Deploy to GKE¶

GKE is Google Clouds managed Kubernetes service. It allows you to deploy and manage containerized applications using Kubernetes.

To deploy your agent you will need to have a Kubernetes cluster running on GKE. You can create a cluster using the Google Cloud Console or the gcloud command line tool.

In this example we will deploy a simple agent to GKE. The agent will be a FastAPI application that uses Gemini 2.0 Flash as the LLM. We can use Vertex AI or AI Studio as the LLM provider using a Environment variable.

Agent sample¶

For each of the commands, we will reference a capital_agent sample defined in on the LLM agent page. We will assume it's in a capital_agent directory.
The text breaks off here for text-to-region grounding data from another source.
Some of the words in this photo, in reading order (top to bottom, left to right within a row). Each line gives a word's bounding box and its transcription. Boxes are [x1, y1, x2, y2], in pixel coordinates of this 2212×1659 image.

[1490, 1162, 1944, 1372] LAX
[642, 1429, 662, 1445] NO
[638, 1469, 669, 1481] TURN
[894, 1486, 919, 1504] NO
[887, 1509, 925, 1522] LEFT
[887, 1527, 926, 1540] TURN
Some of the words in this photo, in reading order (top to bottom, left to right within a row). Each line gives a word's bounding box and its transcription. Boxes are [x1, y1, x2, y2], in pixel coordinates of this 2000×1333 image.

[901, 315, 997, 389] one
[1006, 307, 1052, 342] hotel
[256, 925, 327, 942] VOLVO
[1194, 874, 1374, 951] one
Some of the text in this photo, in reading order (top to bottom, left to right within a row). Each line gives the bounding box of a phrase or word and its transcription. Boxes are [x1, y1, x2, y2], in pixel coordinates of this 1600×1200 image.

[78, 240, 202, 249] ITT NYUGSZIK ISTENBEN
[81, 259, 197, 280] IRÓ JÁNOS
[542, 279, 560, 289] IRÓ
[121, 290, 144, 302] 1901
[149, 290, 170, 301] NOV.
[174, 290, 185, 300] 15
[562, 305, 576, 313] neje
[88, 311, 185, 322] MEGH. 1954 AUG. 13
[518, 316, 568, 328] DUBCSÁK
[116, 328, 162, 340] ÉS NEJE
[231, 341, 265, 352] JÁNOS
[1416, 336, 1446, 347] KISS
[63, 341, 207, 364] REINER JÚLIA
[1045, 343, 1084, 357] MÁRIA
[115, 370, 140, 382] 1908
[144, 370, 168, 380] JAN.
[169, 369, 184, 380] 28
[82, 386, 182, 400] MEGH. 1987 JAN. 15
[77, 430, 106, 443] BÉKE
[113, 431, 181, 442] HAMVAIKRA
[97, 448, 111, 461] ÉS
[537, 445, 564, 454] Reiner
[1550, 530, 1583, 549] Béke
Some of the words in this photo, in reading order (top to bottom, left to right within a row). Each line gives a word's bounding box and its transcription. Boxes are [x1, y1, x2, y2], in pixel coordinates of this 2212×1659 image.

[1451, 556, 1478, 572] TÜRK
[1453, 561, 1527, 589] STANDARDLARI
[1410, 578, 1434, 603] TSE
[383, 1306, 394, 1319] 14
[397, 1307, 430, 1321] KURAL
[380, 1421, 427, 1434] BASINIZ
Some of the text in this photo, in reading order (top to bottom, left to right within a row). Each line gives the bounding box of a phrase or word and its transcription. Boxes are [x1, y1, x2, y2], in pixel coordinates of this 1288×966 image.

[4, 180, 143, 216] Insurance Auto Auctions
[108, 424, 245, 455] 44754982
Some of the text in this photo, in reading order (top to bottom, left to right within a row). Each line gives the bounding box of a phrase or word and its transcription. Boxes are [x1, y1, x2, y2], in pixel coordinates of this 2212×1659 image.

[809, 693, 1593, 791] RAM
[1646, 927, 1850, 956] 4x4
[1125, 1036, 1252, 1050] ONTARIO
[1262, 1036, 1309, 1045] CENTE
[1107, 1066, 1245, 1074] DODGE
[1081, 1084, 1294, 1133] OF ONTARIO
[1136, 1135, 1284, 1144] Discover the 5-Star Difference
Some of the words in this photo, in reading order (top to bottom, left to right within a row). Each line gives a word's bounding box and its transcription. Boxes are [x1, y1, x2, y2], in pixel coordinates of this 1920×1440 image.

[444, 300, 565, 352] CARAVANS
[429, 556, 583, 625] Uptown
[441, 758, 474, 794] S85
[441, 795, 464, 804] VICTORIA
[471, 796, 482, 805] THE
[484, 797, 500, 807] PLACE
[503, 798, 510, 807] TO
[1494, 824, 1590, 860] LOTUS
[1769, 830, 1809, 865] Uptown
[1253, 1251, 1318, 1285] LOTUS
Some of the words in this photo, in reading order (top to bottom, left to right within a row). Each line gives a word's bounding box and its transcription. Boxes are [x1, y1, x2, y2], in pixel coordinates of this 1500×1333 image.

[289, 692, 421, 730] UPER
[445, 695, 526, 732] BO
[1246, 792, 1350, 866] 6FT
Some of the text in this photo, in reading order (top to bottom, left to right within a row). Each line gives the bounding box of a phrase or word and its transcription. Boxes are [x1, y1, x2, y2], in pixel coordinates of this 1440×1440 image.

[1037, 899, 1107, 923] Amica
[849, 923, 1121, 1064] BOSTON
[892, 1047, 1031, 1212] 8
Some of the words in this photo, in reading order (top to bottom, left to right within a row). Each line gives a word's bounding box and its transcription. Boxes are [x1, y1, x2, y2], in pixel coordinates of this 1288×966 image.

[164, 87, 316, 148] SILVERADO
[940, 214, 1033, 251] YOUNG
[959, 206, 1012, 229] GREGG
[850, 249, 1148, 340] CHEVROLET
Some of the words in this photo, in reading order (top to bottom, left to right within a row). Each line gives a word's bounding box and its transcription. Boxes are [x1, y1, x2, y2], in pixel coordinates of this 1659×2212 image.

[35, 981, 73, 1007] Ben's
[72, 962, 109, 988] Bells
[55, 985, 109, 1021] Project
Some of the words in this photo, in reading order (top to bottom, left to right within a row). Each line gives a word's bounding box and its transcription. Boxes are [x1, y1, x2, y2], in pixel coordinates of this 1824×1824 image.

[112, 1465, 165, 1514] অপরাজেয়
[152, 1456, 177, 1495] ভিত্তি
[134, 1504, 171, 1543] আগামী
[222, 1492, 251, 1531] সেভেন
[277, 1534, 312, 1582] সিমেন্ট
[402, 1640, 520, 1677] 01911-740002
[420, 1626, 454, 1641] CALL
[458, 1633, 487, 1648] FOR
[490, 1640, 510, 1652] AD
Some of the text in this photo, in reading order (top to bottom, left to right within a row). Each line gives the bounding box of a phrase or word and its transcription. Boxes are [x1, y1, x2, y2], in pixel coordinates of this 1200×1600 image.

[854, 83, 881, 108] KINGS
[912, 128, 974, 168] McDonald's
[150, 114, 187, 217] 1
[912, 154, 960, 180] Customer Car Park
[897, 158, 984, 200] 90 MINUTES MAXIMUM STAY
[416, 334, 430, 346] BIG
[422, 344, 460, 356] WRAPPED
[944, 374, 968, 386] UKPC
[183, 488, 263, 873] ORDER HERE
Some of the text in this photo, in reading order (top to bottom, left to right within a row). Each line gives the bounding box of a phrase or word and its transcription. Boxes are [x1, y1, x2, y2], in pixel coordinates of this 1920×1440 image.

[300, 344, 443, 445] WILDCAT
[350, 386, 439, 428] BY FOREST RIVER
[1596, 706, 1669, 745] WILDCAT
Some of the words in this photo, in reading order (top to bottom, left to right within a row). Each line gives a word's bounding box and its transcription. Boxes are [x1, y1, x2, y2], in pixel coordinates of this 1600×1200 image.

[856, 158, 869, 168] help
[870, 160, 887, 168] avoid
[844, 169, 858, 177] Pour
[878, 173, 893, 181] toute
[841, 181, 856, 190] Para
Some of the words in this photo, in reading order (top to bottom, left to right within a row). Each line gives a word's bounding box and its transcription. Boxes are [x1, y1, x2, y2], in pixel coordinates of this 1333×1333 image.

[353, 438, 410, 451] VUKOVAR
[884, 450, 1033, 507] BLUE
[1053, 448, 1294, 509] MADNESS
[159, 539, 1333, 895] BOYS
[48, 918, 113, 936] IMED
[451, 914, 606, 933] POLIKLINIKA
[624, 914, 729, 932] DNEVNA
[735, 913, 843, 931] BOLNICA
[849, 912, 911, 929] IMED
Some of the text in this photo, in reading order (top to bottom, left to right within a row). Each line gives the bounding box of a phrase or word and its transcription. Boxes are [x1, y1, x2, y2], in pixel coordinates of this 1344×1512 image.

To proceed, confirm that your agent code is configured as follows:

Agent code is in a file called agent.py within your agent directory.
Your agent variable is named root_agent.
__init__.py is within your agent directory and contains from . import agent.

Environment variables¶

Set your environment variables as described in the Setup and Installation guide. You also need to install the kubectl command line tool. You can find instructions to do so in the Google Kubernetes Engine Documentation.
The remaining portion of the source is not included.